Shooting is the fundamental above all else that every young player new to football wants to dive in and practice straight away. The game is all about scoring goals after all and unless you shoot, you are not going to score.

Shooting though is not as easy as it seems. You only have to look at the Premier League to realise that. Take Darwin Nunez at Liverpool. At the midway point of the 2023-24 season, Nunez had recorded 15 goals from 37 matches.

And yet he was criticised by plenty of fans and pundits for the number of chances missed rather than the goals scored. Even a striker who cost £85 million and has a strike rate of almost one goal every two games gets told he needs to improve his shooting.

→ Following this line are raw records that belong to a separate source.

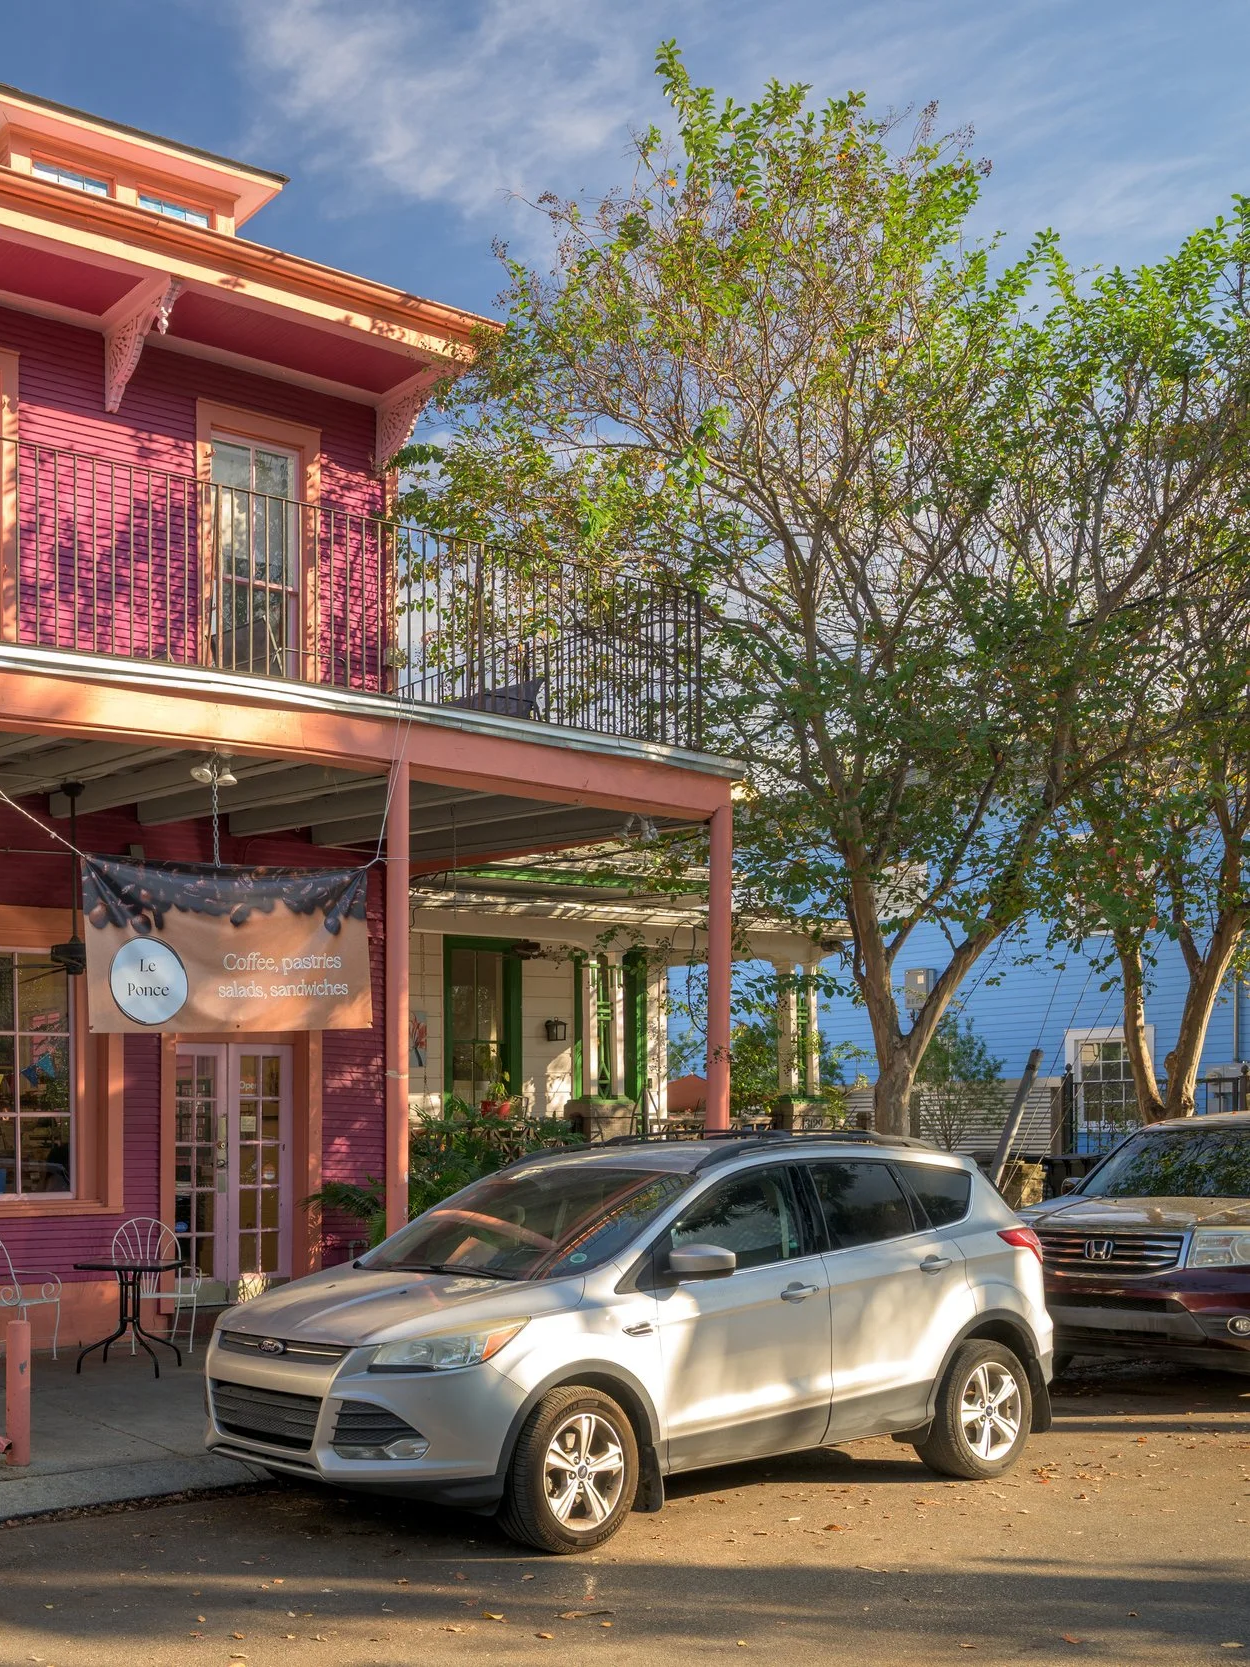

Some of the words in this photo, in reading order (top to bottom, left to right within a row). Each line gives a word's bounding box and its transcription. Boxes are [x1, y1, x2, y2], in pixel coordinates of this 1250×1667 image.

[139, 958, 157, 973] Le
[223, 952, 279, 974] Coffee,
[282, 952, 342, 975] pastries
[127, 982, 170, 997] Ponce
[218, 981, 268, 1000] salads,
[270, 979, 349, 998] sandwiches
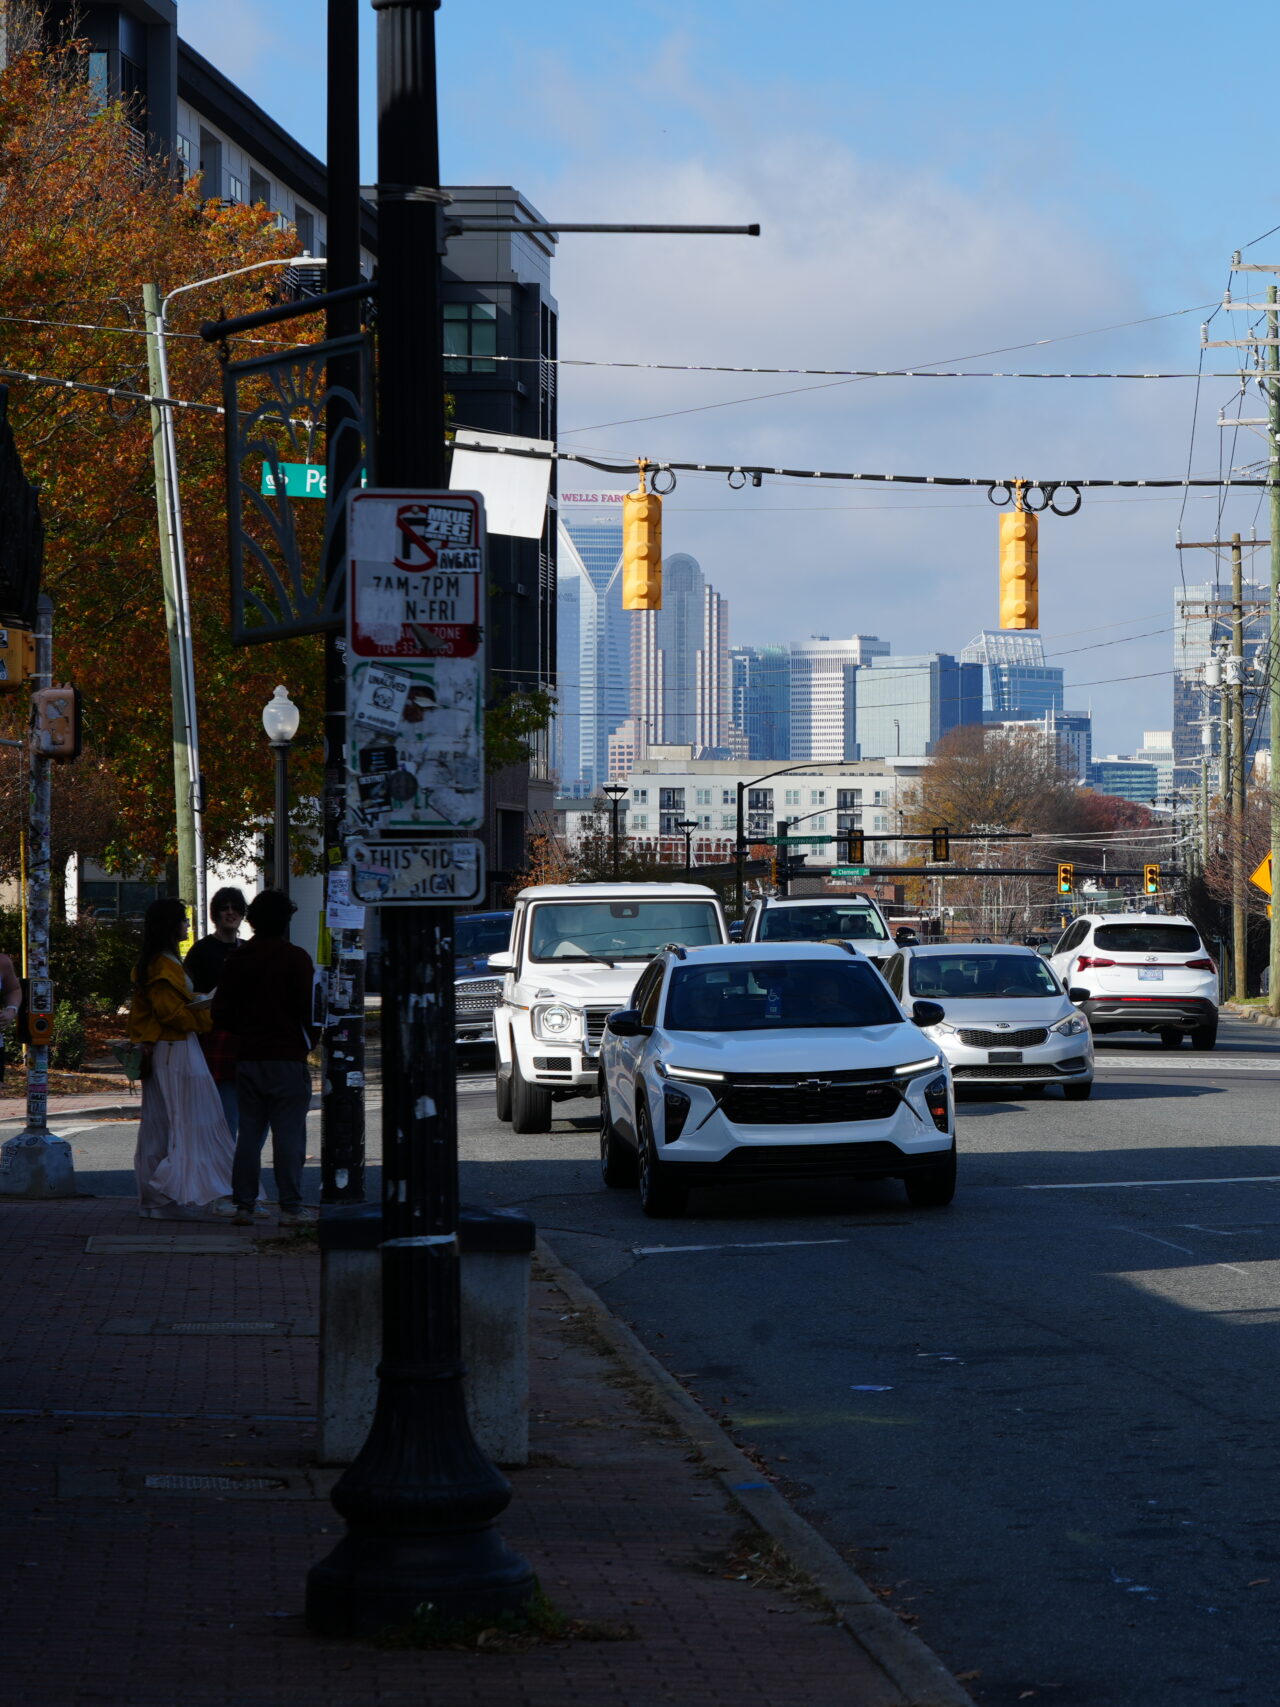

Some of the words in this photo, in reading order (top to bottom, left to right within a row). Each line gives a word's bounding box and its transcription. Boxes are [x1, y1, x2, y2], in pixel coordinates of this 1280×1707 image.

[561, 493, 599, 503] WELLS
[600, 494, 624, 503] FAR
[440, 551, 477, 569] AVERT
[405, 600, 456, 621] N-FRI
[774, 836, 820, 845] Commonwealth
[370, 849, 411, 869] THIS
[421, 848, 453, 869] SID

No such pressure exists at We Make Footballers academies. Our practice makes permanent ethos means making mistakes is viewed as all part of the development process. There is no better way for a young football player to learn than by bouncing back from their own errors.

Learning the fundamentals of passing and control first prepares a football newcomer for what is needed when it comes to shooting. Balance, decision making and being able to use different parts of the foot are all key to a successful shot.

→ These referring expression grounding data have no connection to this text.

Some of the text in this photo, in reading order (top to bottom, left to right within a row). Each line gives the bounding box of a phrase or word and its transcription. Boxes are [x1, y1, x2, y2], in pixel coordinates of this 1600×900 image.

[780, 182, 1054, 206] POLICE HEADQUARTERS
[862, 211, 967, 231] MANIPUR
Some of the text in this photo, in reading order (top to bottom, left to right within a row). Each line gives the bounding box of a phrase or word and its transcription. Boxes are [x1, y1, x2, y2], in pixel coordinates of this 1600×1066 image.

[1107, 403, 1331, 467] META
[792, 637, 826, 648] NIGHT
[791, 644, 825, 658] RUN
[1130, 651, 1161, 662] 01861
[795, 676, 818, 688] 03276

Accuracy is valued over power, which comes later. Striking the ball as hard as possible is rendered pointless if it is not on target. Like every other skill in football, good technique matters more than anything else.

There are few better feelings in football than seeing the ball bulge in the back of the net, making successful shooting a fundamental of both the sport itself and the enjoyment the game brings.

Winning back possession

Not too long ago, the heading for our fifth and final football fundamentals for those new to the game would have been tackling. The sport has evolved now for that word to feel a little outdated. It is all about winning back possession.

Tackling of course still plays an important part in winning back possession. A defender or midfielder sliding in to take the ball off an opponent in a professional game can look spectacular and will often draw a roar from the crowd.

But why make a tackle if you do not need to? Paolo Maldini was one of the greatest defenders to ever play the game. He once said, “If I have made a tackle, then I have made a mistake.” The point being that a tackle is usually a last gasp attempt to regain possession.

When the Lionesses won Euro 2022, captain Leah Williamson famously won the ball back more than any other player at the tournament but without making a single tackle according to UEFA’s official statistics.

Williamson displayed perfect reading of the game and impeccable positioning to always be in the right place at the right time. To watch her is to see the beauty of winning back possession – and it was fundamental to England being crowned European champions and inspiring the country.

We Make Footballers and football fundamentals

Our We Make Footballers academies are for children aged between 4 and 12 of all abilities. We focus on a different football fundamental each week with a strong emphasis on honing technical ability. Sessions include over 80 percent ball rolling time and over 500 touches of the ball. 

With small groups of no more than 10 children per coach, our football training is focused and tailored to the needs and ability levels of each individual player. Skills are then mastered through our practice makes permanent ethos in a fun and safe environment led by FA qualified coaches.

The We Make Footballers approach to instilling football fundamentals into those new to the game first and developing talent from there via 1v1 training, game scenarios and other innovative coaching mechanisms has seen over 200 graduates of our academies sign for professional clubs and football academies.